= Beginning of Section =
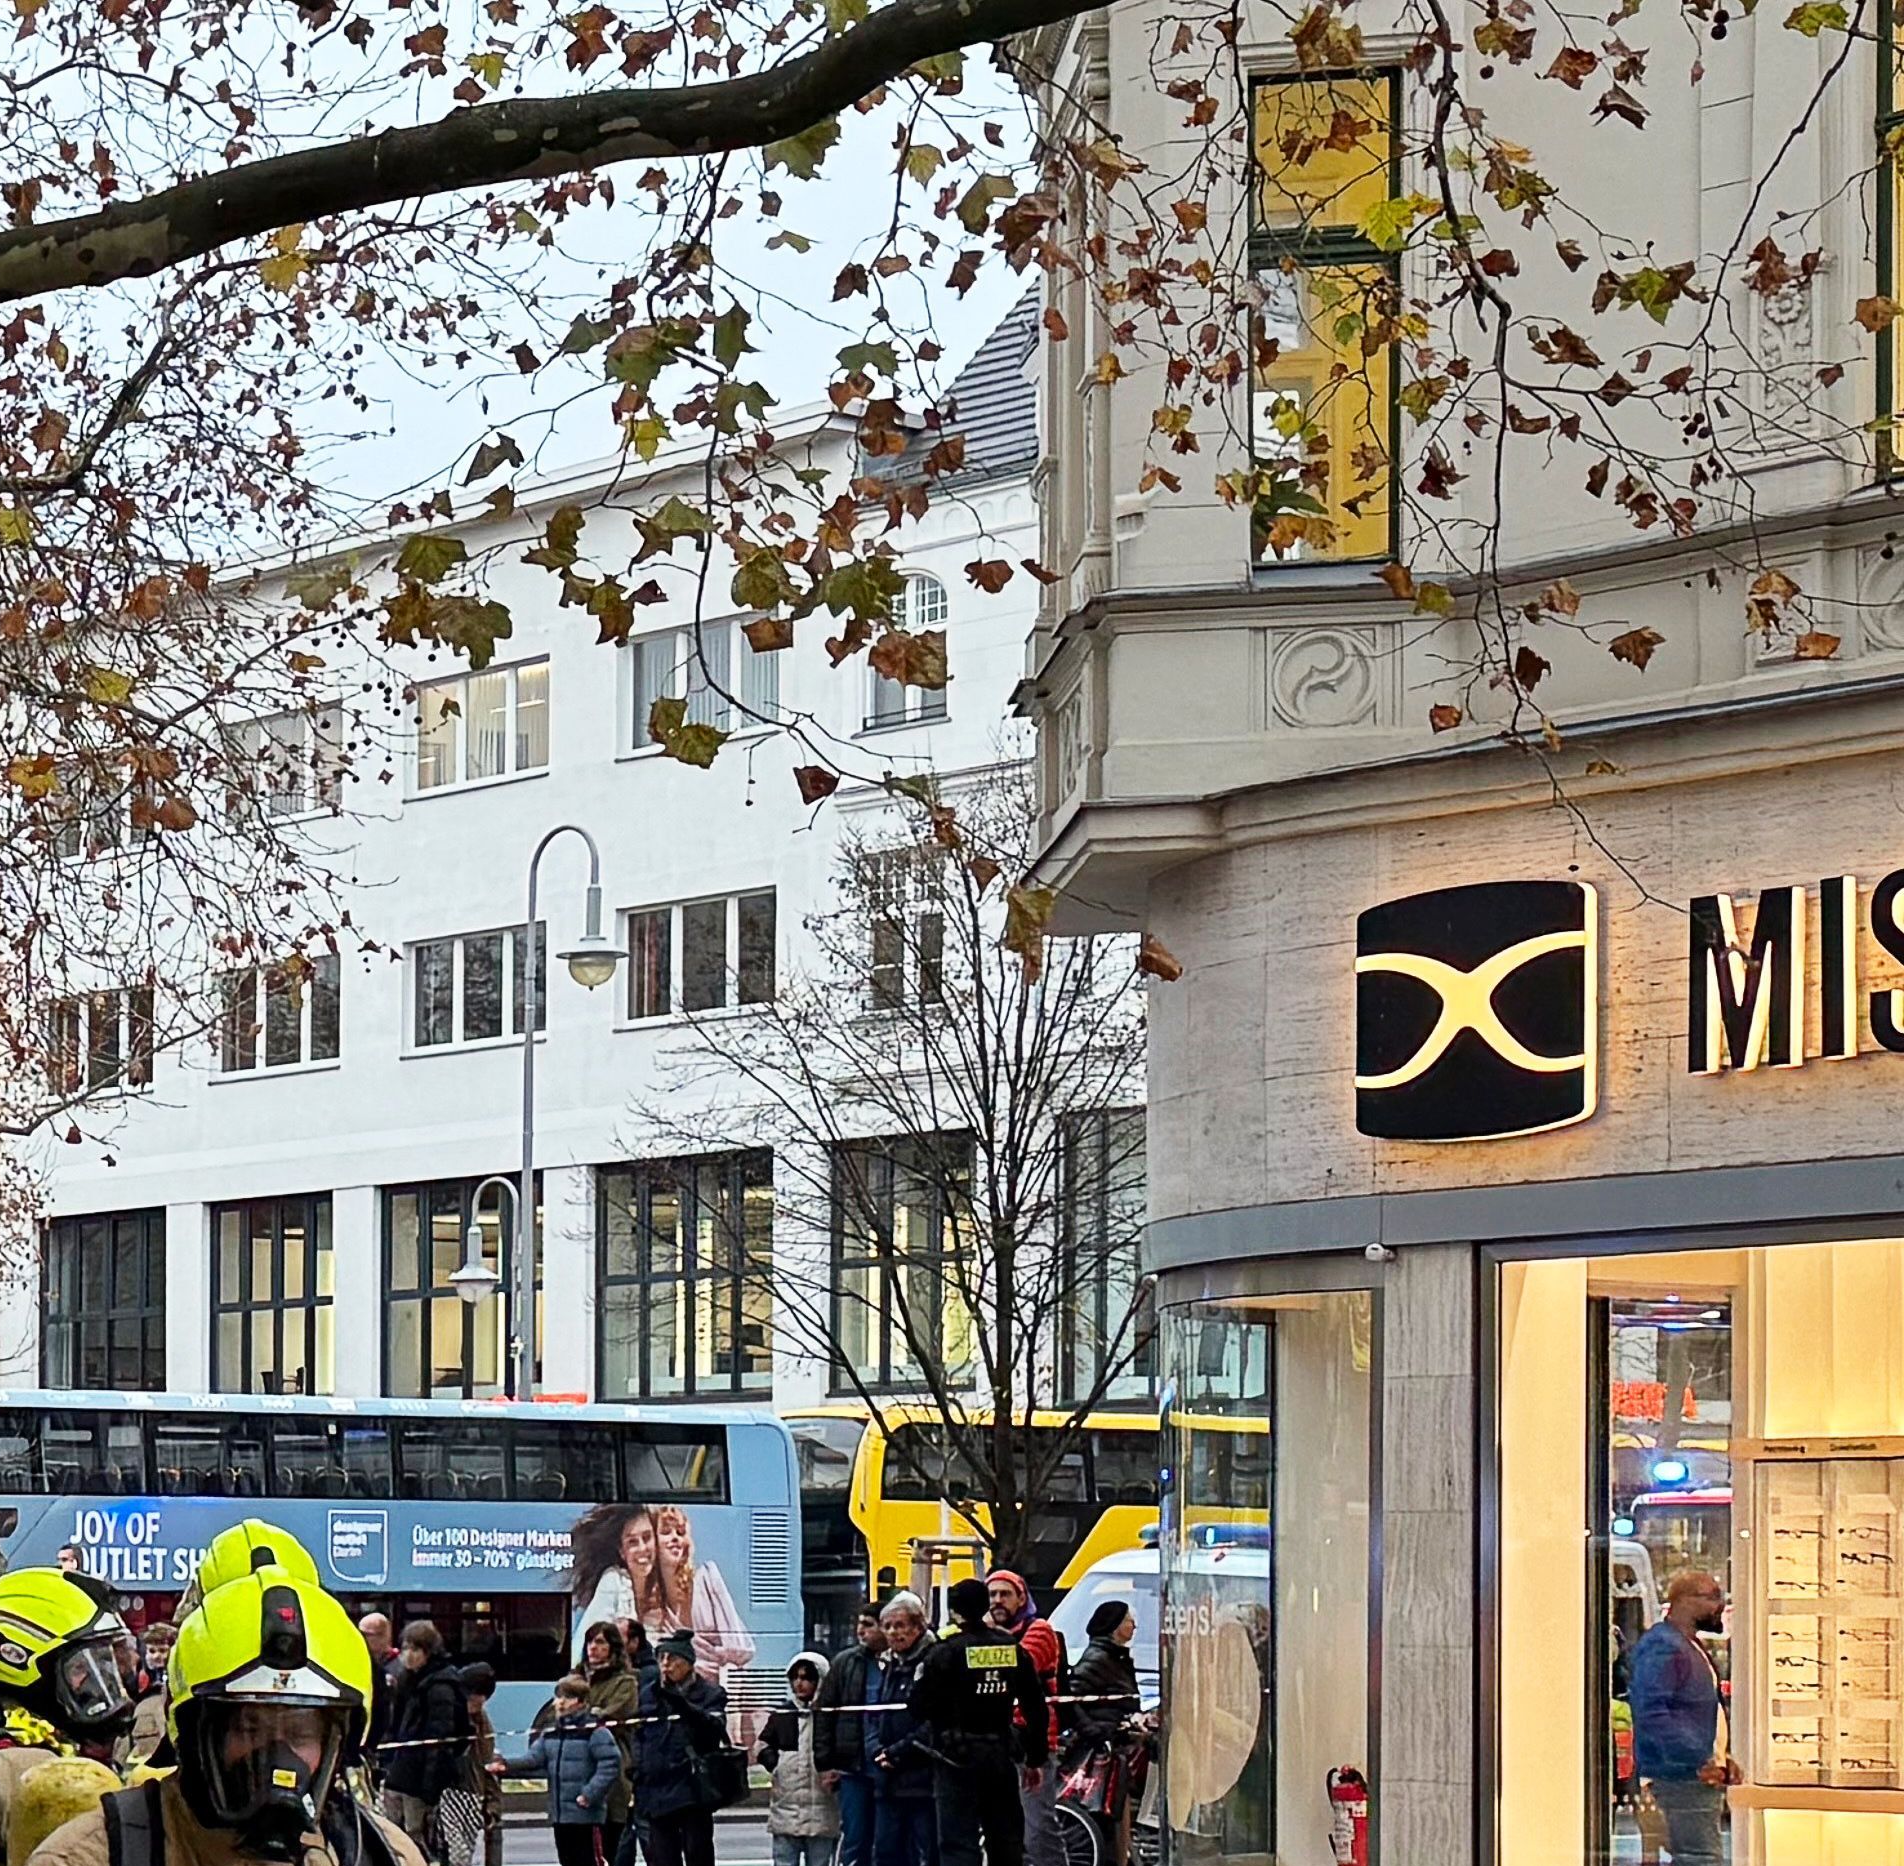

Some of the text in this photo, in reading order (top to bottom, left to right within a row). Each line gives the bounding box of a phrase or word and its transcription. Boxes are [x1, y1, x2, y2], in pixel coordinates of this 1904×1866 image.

[69, 1510, 161, 1545] JOY OF
[445, 1529, 467, 1547] 100
[470, 1530, 525, 1549] Designer
[527, 1531, 572, 1548] Marken
= End of Section =
■ WORK TO COMPLETE ■
None of the pictures belong in the copy; transcribe the rest of the data exactly.

■ SOLUTION TO THE PROBLEM ■
Some of the text in this photo, in reading order (top to bottom, left to right within a row). Each line gives the bounding box of a phrase or word and its transcription. Boxes are [x1, y1, x2, y2], in pixel coordinates of this 1904×1866 image.

[69, 1510, 161, 1545] JOY OF
[445, 1529, 467, 1547] 100
[470, 1530, 525, 1549] Designer
[527, 1531, 572, 1548] Marken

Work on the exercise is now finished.